This unusual wall was made up of masonry block, like many garden walls in the desert Southwest, but this one was decidedly different. It was made from broken masonry blocks repurposed from a wall that had been removed elsewhere. Some brilliant person realized that instead of filling up landfill space, that the broken blocks could still function as a garden wall. 

The salvaged wall provides the perfect surface for queen’s wreath (Antigonon leptopus) vines to crawl up on with their twining tendrils taking advantage of the nooks and crannies within the wall.

The sprays of flowers, leaves, and stems create beautiful shadows along the pavement below. Shadows are an element of garden design that is often overlooked. However, don’t underestimate the effect that the shapes of the shadows from cactuses, succulents, and even vines can add to a bare wall, fence, or even on the ground.

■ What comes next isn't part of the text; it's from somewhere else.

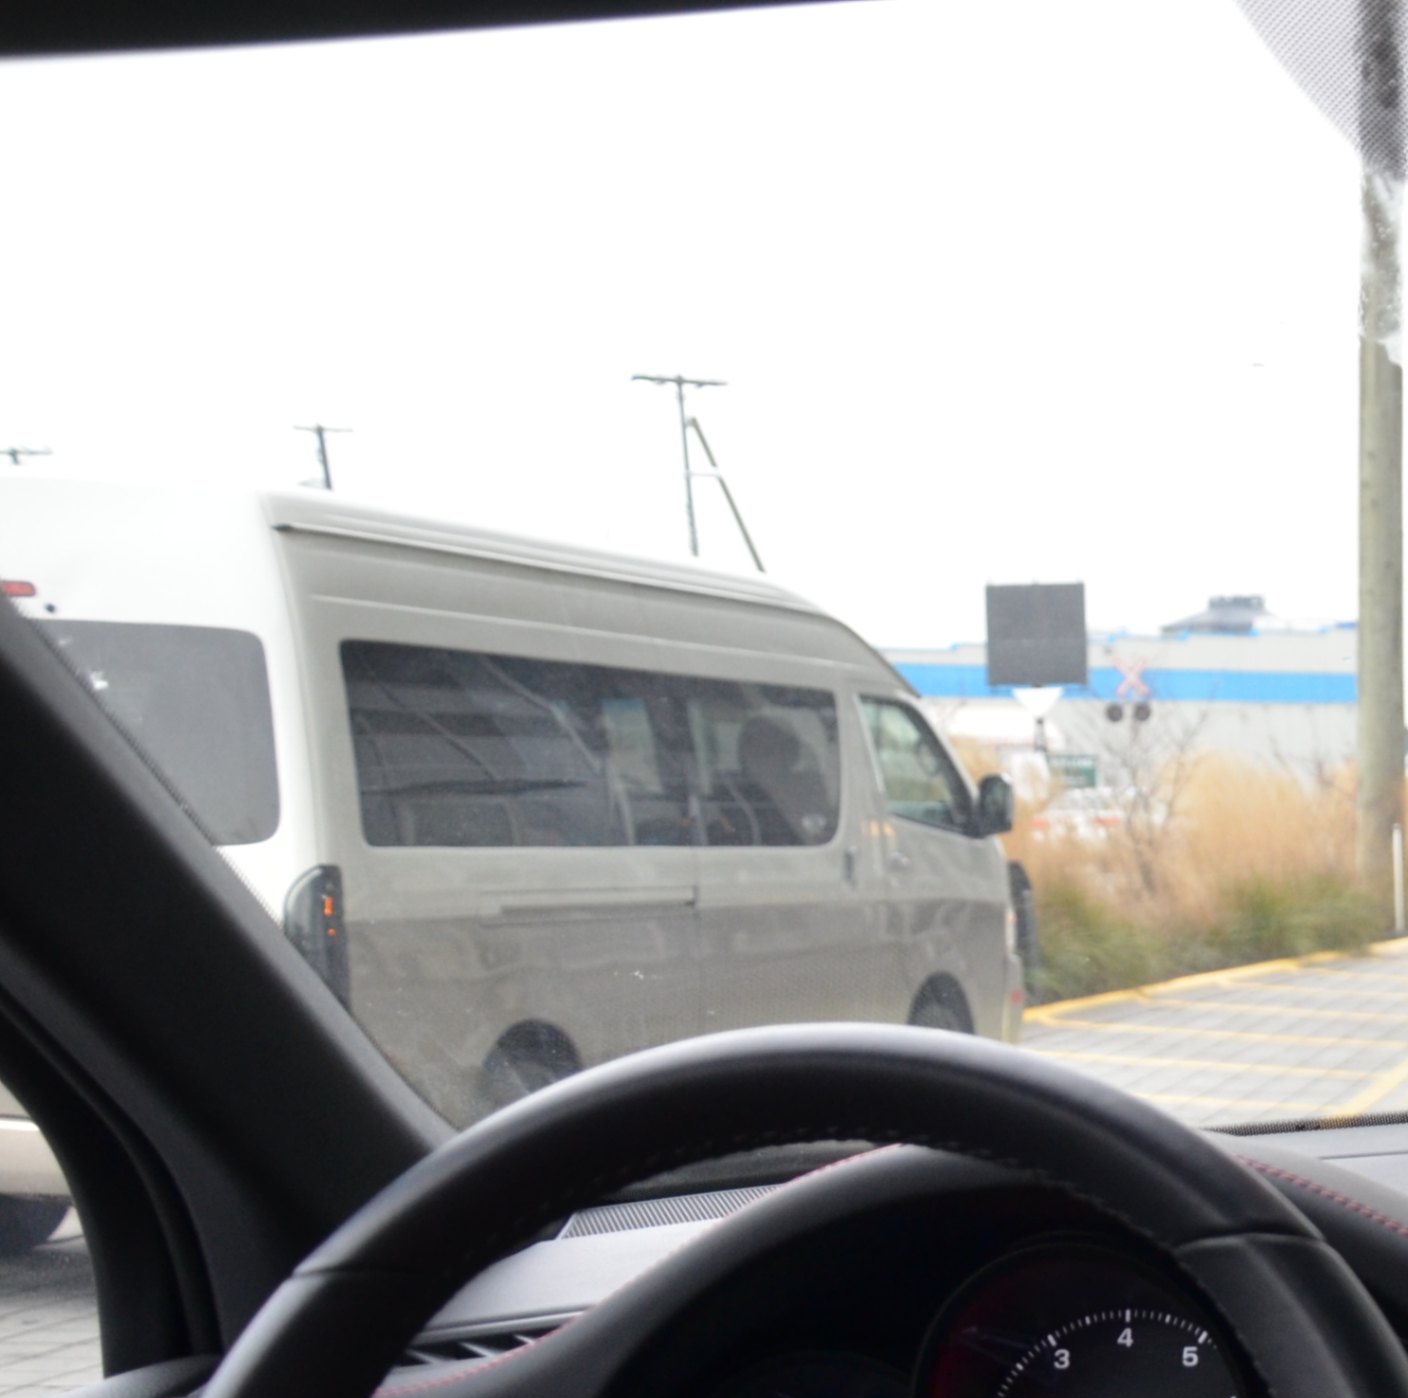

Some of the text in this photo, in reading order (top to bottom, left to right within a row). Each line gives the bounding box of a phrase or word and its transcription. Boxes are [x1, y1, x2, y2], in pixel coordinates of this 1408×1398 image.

[1118, 1328, 1133, 1348] 4
[1054, 1349, 1070, 1369] 3
[1182, 1347, 1198, 1367] 5

Years ago, I used to carry a small digital camera in my purse for unexpected opportunities to take pictures of a particular plant, or design idea. Nowadays, this is just another reason that my smartphone is perhaps my most valued tool.

 

As a garden writer and horticulturist, I am often asked to review new gardening books, which is one of my favorite things to do; especially if the books are about growing plants in the desert.

Years ago, there were precious few books that dealt with the unique challenges and solutions to creating a beautiful outdoor space in a hot, arid climate. Nowadays, there are several books that focus on desert gardening, but most just scratch the surface of how to do it. When I was contacted by The Desert Botanical Garden to see if I would review their new book, Desert Landscape School: A Guide to Desert Landscaping and Maintenance, I said yes.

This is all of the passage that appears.